Evaluation of the spatial linear model, random forest and gradient nearest-neighbour methods for imputing potential productivity and biomass of the Pacific Northwest forests

Forestry, Jan 2015

Increasingly, forest management and conservation plans require spatially explicit information within a management or conservation unit. Forest biomass and potential productivity are critical variables for forest planning and assessment in the Pacific Northwest. Their values are often estimated from ground-measured sample data. For unsampled locations, forest analysts and planners lack forest productivity and biomass values, so values must be predicted. Using simulated data and forest inventory and analysis data collected in Oregon and Washington, we examined the performance of the spatial linear model (SLM), random forest (RF) and gradient nearest neighbour (GNN) for mapping and estimating biomass and potential productivity of Pacific Northwest forests.
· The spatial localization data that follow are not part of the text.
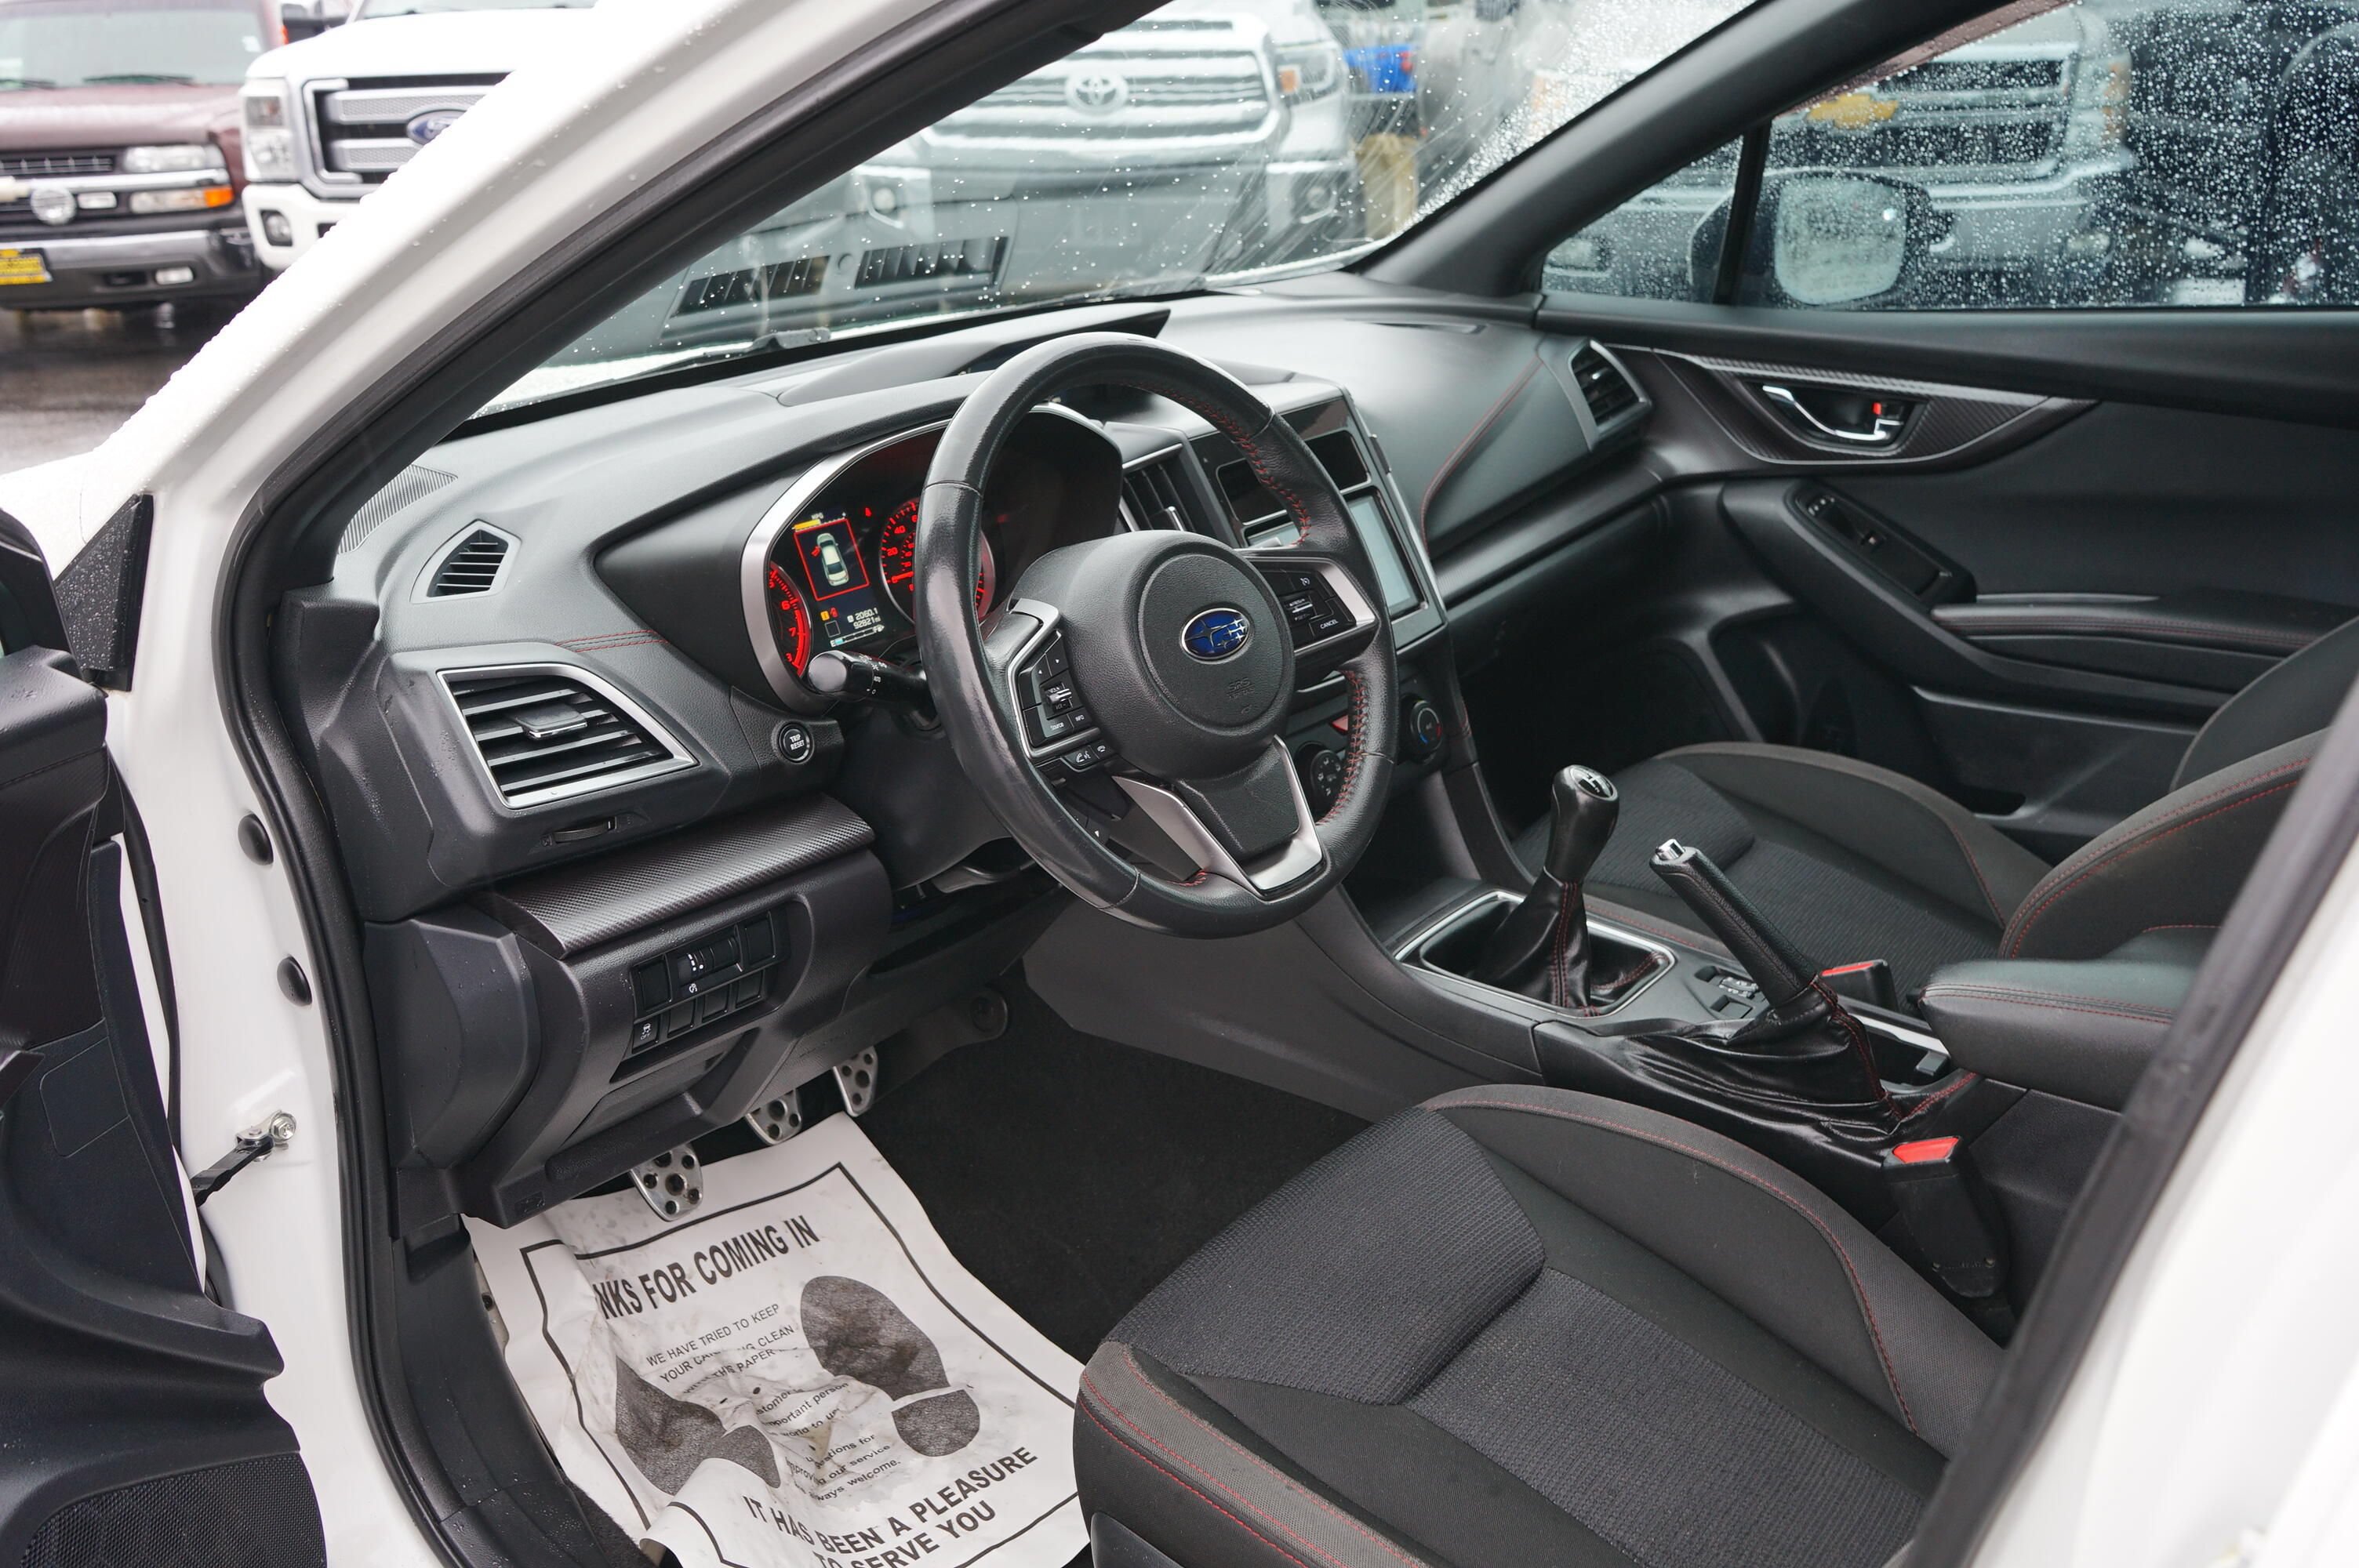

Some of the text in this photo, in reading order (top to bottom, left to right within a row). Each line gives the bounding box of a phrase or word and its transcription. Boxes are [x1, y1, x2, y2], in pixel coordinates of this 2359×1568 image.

[886, 546, 898, 556] 20
[781, 600, 791, 611] 6
[789, 627, 797, 637] 7
[1320, 619, 1339, 629] CANCEL
[790, 734, 801, 743] TRIP
[791, 739, 805, 750] RESET
[592, 1215, 820, 1319] NKS FOR COMING IN
[646, 1352, 667, 1367] WE
[667, 1340, 699, 1360] HAVE
[698, 1326, 732, 1347] TRIED
[732, 1318, 751, 1331] TO
[751, 1303, 779, 1324] KEEP
[660, 1324, 795, 1384] YOUR CLEAN
[738, 1348, 776, 1373] PAPER
[812, 1382, 849, 1405] person
[811, 1420, 823, 1428] to
[859, 1435, 875, 1447] for
[829, 1465, 847, 1479] our
[851, 1444, 890, 1467] service
[847, 1458, 901, 1486] welcome.
[742, 1446, 1038, 1554] IT HAS BEEN A PLEASURE
[936, 1499, 996, 1539] YOU
Simulations of artificial populations and subsamplings of forest biomass and productivity data showed that the SLM had smaller empirical root-mean-squared prediction errors (RMSPE) for a wide variety of data types, with generally less bias and better interval coverage than RF and GNN. These patterns held for both point predictions and for population averages, with the SLM reducing RMSPE by 30.0 and 52.6 per cent over two GNN methods in predicting point estimates for forest biomass and potential productivity.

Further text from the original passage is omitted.